#### [Referring expression grounding data]
☆ ☆ ☆
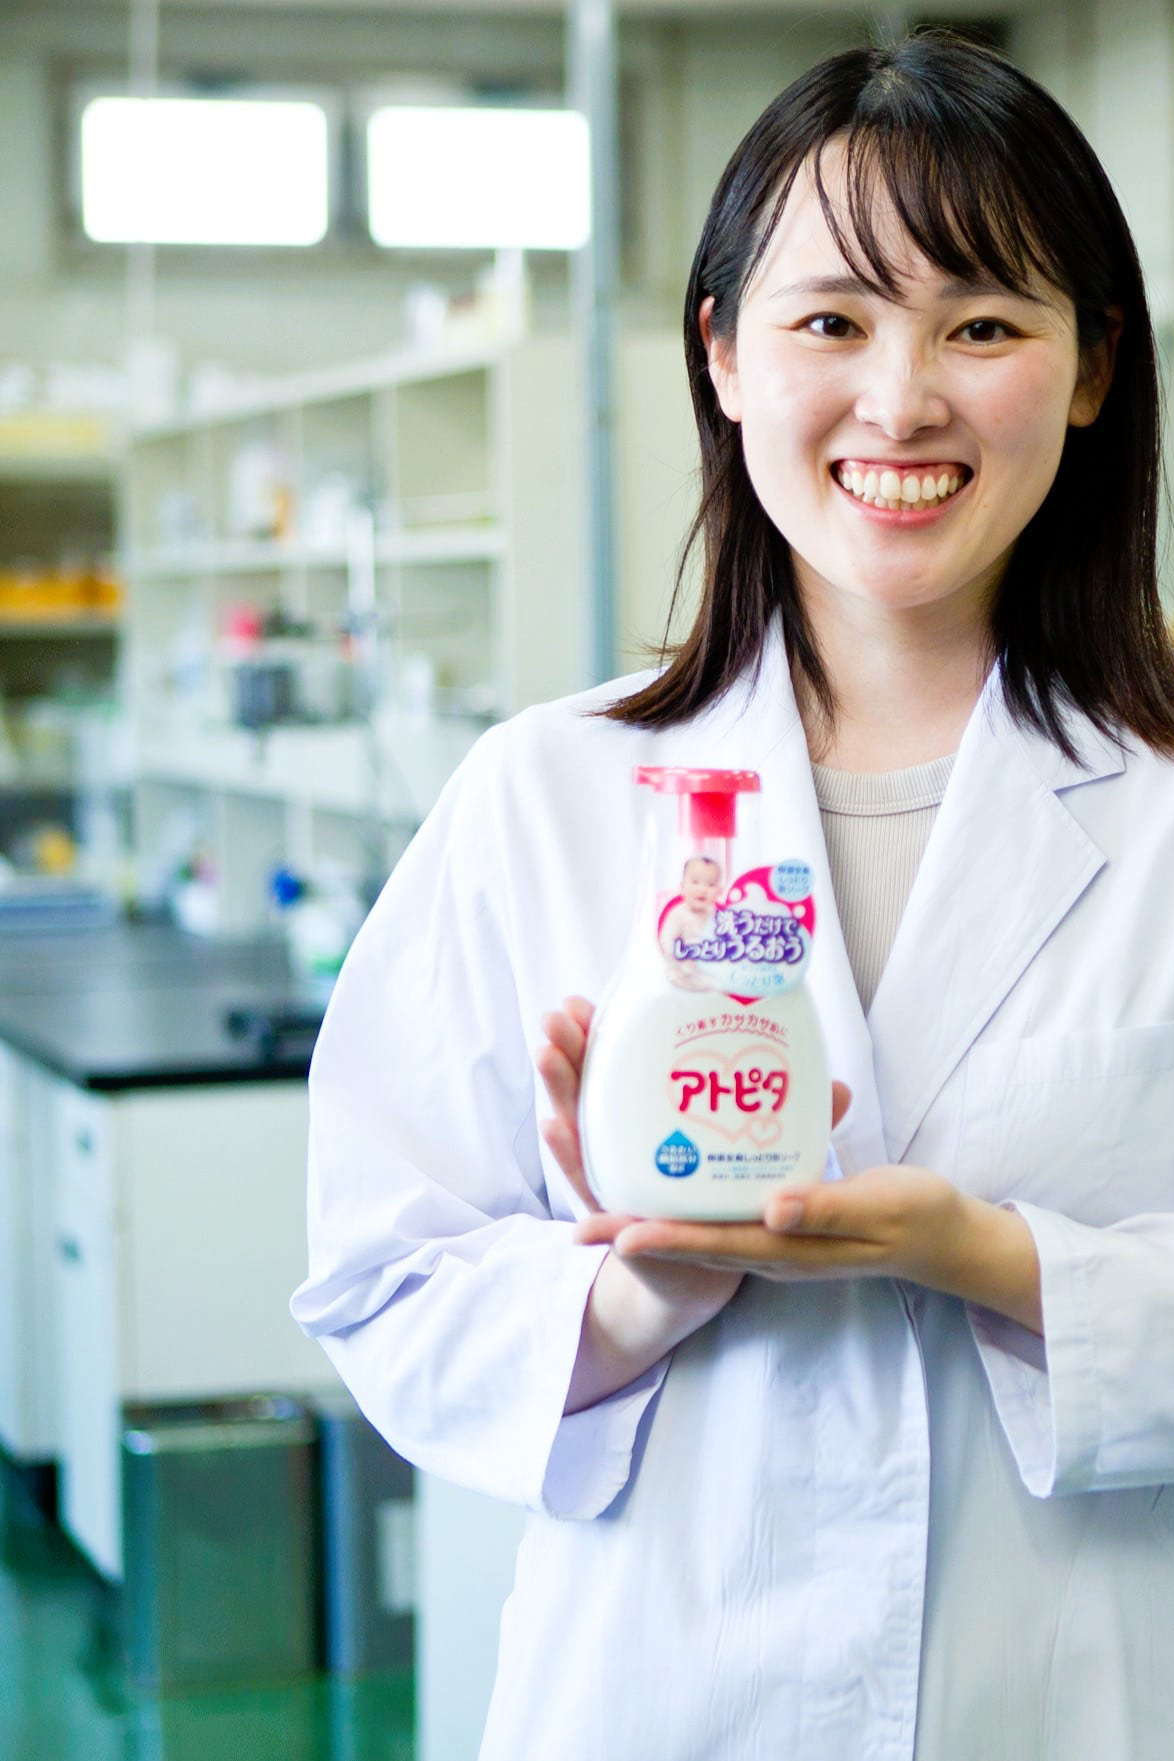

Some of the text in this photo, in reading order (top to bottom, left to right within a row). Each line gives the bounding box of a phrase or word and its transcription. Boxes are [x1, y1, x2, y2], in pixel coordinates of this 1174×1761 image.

[715, 909, 800, 936] 洗うだけで
[674, 936, 804, 964] しっとりうるおう
[671, 1068, 790, 1112] アトピタ
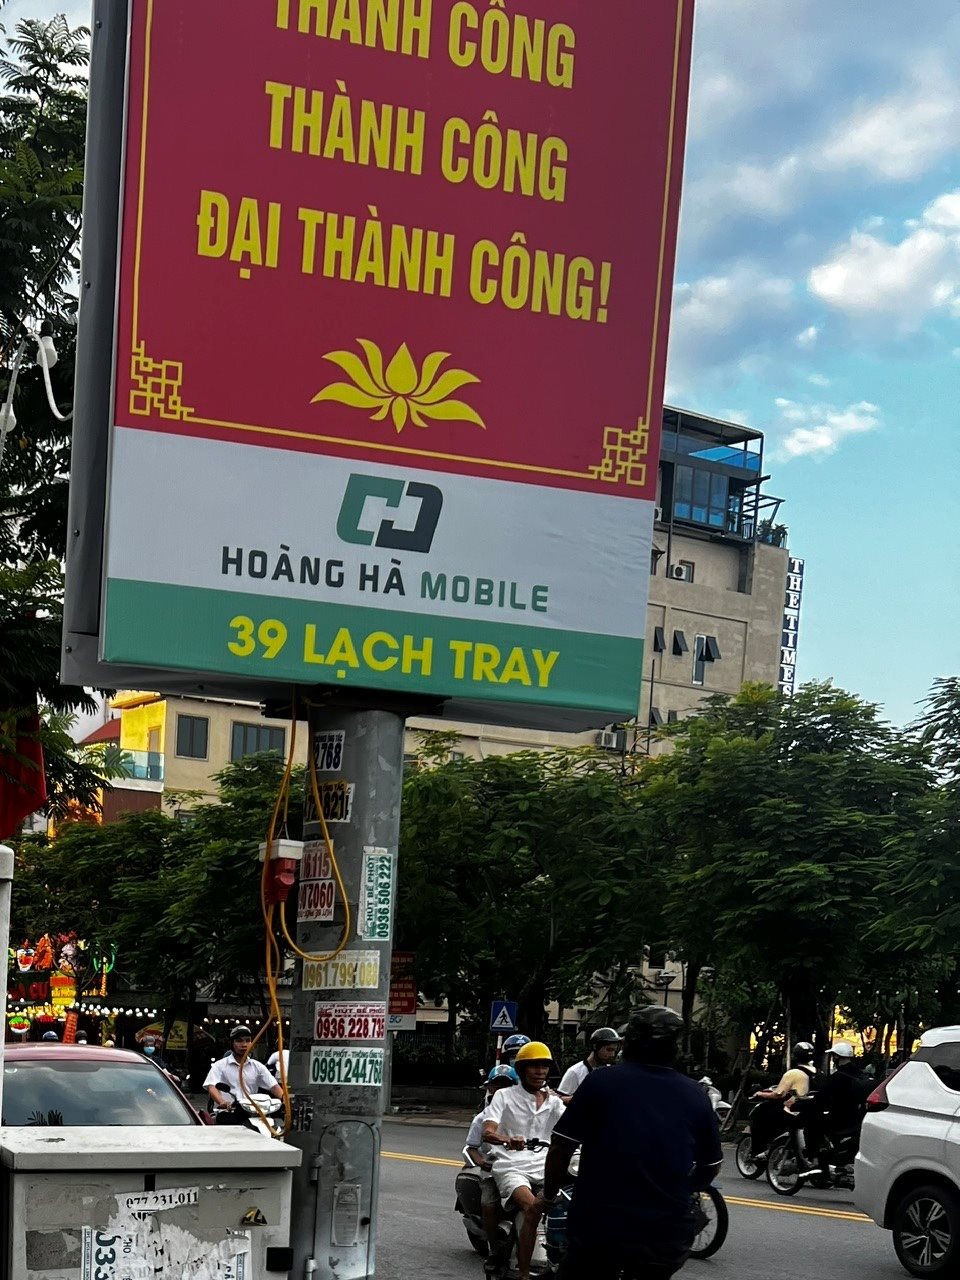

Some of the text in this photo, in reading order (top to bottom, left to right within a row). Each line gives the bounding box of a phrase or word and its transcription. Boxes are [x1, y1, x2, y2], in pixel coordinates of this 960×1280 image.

[449, 0, 575, 88] CÔNG
[266, 80, 567, 201] THÀNH CÔNG
[197, 191, 610, 322] ĐẠI THÀNH CÔNG!
[222, 543, 548, 612] HOÀNG HÀ MOBILE
[788, 558, 803, 609] THE
[229, 616, 558, 686] 39 LẠCH TRAY
☆ ☆ ☆
A picture-free version of all the records, repeated exactly, is what to return.

#### [Solution]
Some of the text in this photo, in reading order (top to bottom, left to right within a row). Each line gives the bounding box of a phrase or word and its transcription. Boxes are [x1, y1, x2, y2], in pixel coordinates of this 1174×1761 image.

[715, 909, 800, 936] 洗うだけで
[674, 936, 804, 964] しっとりうるおう
[671, 1068, 790, 1112] アトピタ

Some of the text in this photo, in reading order (top to bottom, left to right within a row). Each line gives the bounding box of a phrase or word and its transcription. Boxes are [x1, y1, x2, y2], in pixel coordinates of this 960×1280 image.

[449, 0, 575, 88] CÔNG
[266, 80, 567, 201] THÀNH CÔNG
[197, 191, 610, 322] ĐẠI THÀNH CÔNG!
[222, 543, 548, 612] HOÀNG HÀ MOBILE
[788, 558, 803, 609] THE
[229, 616, 558, 686] 39 LẠCH TRAY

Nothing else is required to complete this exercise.